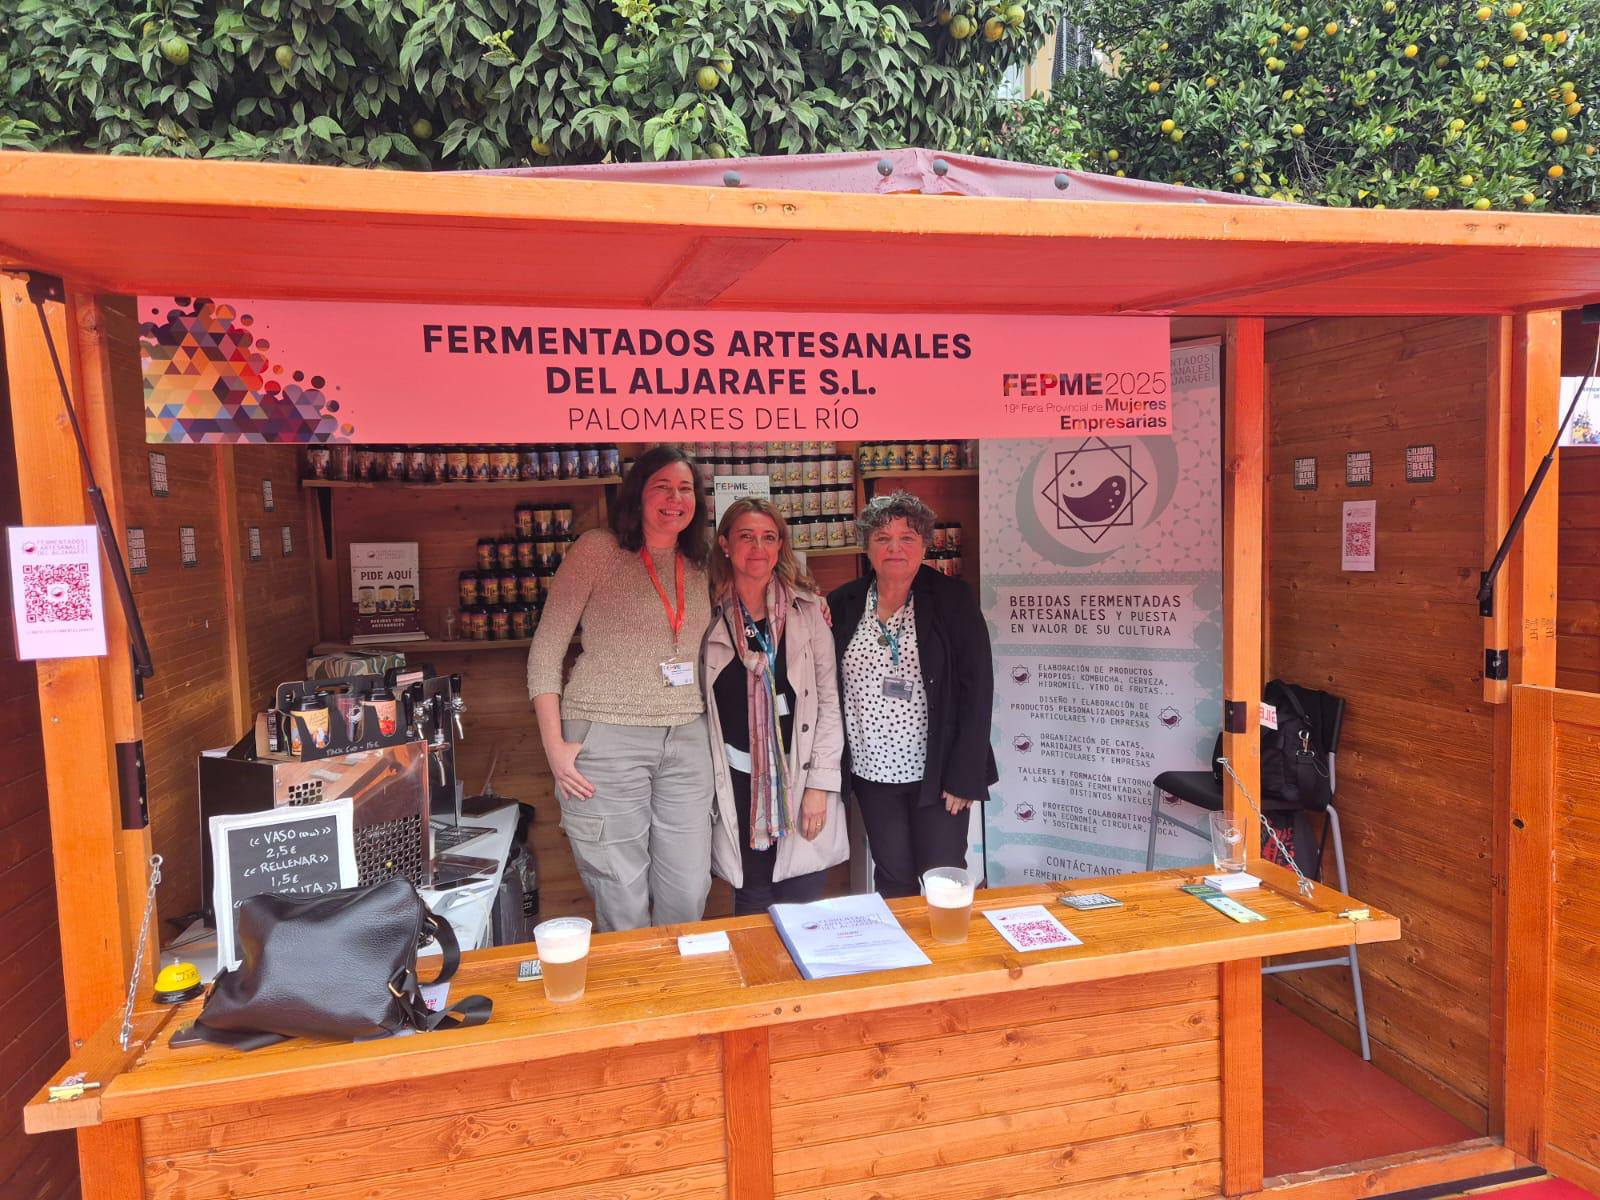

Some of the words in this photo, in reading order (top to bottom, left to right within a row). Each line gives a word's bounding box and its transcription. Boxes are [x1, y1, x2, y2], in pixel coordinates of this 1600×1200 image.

[423, 324, 715, 357] FERMENTADOS
[727, 330, 972, 359] ARTESANALES
[1171, 354, 1210, 366] NTADOS
[1171, 363, 1210, 376] ANALES
[546, 366, 617, 394] DEL
[628, 367, 807, 395] ALJARAFE
[819, 369, 877, 395] S.L.
[1021, 402, 1044, 412] Feria
[1046, 402, 1089, 412] Provincial
[1091, 403, 1103, 412] de
[1105, 397, 1167, 413] Mujeres
[569, 407, 744, 430] PALOMARES
[756, 407, 807, 430] DEL
[816, 399, 859, 430] RÍO
[1060, 414, 1167, 432] Empresarias
[360, 571, 384, 580] PIDE
[387, 568, 412, 580] AQUÍ
[1010, 595, 1071, 607] BEBIDAS
[1080, 595, 1181, 608] FERMENTADAS
[1010, 609, 1106, 621] ARTESANALES
[1116, 611, 1122, 620] Y
[1130, 611, 1177, 622] PUESTA
[1011, 624, 1024, 633] EN
[1032, 624, 1068, 634] VALOR
[1075, 624, 1088, 635] DE
[1096, 624, 1110, 635] SU
[1118, 625, 1171, 636] CULTURA
[1038, 664, 1090, 673] ELABORACIÓN
[1094, 666, 1103, 674] DE
[1109, 667, 1153, 676] PRODUCTOS
[1090, 683, 1111, 692] VINO
[1114, 684, 1124, 692] DE
[1039, 695, 1067, 704] DISEÑO
[1081, 698, 1135, 709] ELABORACIÓN
[1139, 702, 1149, 710] DE
[1011, 703, 1054, 712] PRODUCTOS
[1059, 705, 1125, 717] PERSONALIZADOS
[1130, 710, 1149, 719] PARA
[1030, 712, 1087, 723] PARTICULARES
[1090, 716, 1106, 725] Y/O
[1111, 718, 1150, 729] EMPRESAS
[1040, 733, 1096, 744] ORGANIZACIÓN
[1101, 738, 1111, 746] DE
[1040, 741, 1082, 751] MARIDAJES
[1086, 744, 1091, 752] Y
[1096, 746, 1131, 756] EVENTOS
[1136, 751, 1155, 759] PARA
[1041, 750, 1096, 762] PARTICULARES
[1101, 754, 1106, 762] Y
[1111, 756, 1150, 768] EMPRESAS
[1018, 767, 1056, 776] TALLERES
[1070, 771, 1112, 782] FORMACIÓN
[1117, 776, 1151, 787] ENTORNO
[1033, 776, 1047, 784] LAS
[1052, 777, 1083, 788] BEBIDAS
[1088, 782, 1142, 796] FERMENTADAS
[1070, 788, 1112, 800] DISTINTOS
[1117, 795, 1152, 806] NIVELES
[1042, 802, 1083, 814] PROYECTOS
[1088, 808, 1152, 823] COLABORATIVOS
[1042, 810, 1057, 819] UNA
[1061, 812, 1098, 826] ECONOMÍA
[1157, 828, 1178, 838] OCAL
[1052, 820, 1097, 834] SOSTENIBLE
[263, 829, 296, 845] VASO
[260, 854, 318, 873] RELLENAR
[1046, 855, 1122, 876] CONTÁCTANOS

| Your instructions |
Write out the data precisely as given, excluding the pictures.

| Output for this exercise |
Some of the words in this photo, in reading order (top to bottom, left to right within a row). Each line gives a word's bounding box and its transcription. Boxes are [x1, y1, x2, y2], in pixel coordinates of this 1600×1200 image.

[423, 324, 715, 357] FERMENTADOS
[727, 330, 972, 359] ARTESANALES
[1171, 354, 1210, 366] NTADOS
[1171, 363, 1210, 376] ANALES
[546, 366, 617, 394] DEL
[628, 367, 807, 395] ALJARAFE
[819, 369, 877, 395] S.L.
[1021, 402, 1044, 412] Feria
[1046, 402, 1089, 412] Provincial
[1091, 403, 1103, 412] de
[1105, 397, 1167, 413] Mujeres
[569, 407, 744, 430] PALOMARES
[756, 407, 807, 430] DEL
[816, 399, 859, 430] RÍO
[1060, 414, 1167, 432] Empresarias
[360, 571, 384, 580] PIDE
[387, 568, 412, 580] AQUÍ
[1010, 595, 1071, 607] BEBIDAS
[1080, 595, 1181, 608] FERMENTADAS
[1010, 609, 1106, 621] ARTESANALES
[1116, 611, 1122, 620] Y
[1130, 611, 1177, 622] PUESTA
[1011, 624, 1024, 633] EN
[1032, 624, 1068, 634] VALOR
[1075, 624, 1088, 635] DE
[1096, 624, 1110, 635] SU
[1118, 625, 1171, 636] CULTURA
[1038, 664, 1090, 673] ELABORACIÓN
[1094, 666, 1103, 674] DE
[1109, 667, 1153, 676] PRODUCTOS
[1090, 683, 1111, 692] VINO
[1114, 684, 1124, 692] DE
[1039, 695, 1067, 704] DISEÑO
[1081, 698, 1135, 709] ELABORACIÓN
[1139, 702, 1149, 710] DE
[1011, 703, 1054, 712] PRODUCTOS
[1059, 705, 1125, 717] PERSONALIZADOS
[1130, 710, 1149, 719] PARA
[1030, 712, 1087, 723] PARTICULARES
[1090, 716, 1106, 725] Y/O
[1111, 718, 1150, 729] EMPRESAS
[1040, 733, 1096, 744] ORGANIZACIÓN
[1101, 738, 1111, 746] DE
[1040, 741, 1082, 751] MARIDAJES
[1086, 744, 1091, 752] Y
[1096, 746, 1131, 756] EVENTOS
[1136, 751, 1155, 759] PARA
[1041, 750, 1096, 762] PARTICULARES
[1101, 754, 1106, 762] Y
[1111, 756, 1150, 768] EMPRESAS
[1018, 767, 1056, 776] TALLERES
[1070, 771, 1112, 782] FORMACIÓN
[1117, 776, 1151, 787] ENTORNO
[1033, 776, 1047, 784] LAS
[1052, 777, 1083, 788] BEBIDAS
[1088, 782, 1142, 796] FERMENTADAS
[1070, 788, 1112, 800] DISTINTOS
[1117, 795, 1152, 806] NIVELES
[1042, 802, 1083, 814] PROYECTOS
[1088, 808, 1152, 823] COLABORATIVOS
[1042, 810, 1057, 819] UNA
[1061, 812, 1098, 826] ECONOMÍA
[1157, 828, 1178, 838] OCAL
[1052, 820, 1097, 834] SOSTENIBLE
[263, 829, 296, 845] VASO
[260, 854, 318, 873] RELLENAR
[1046, 855, 1122, 876] CONTÁCTANOS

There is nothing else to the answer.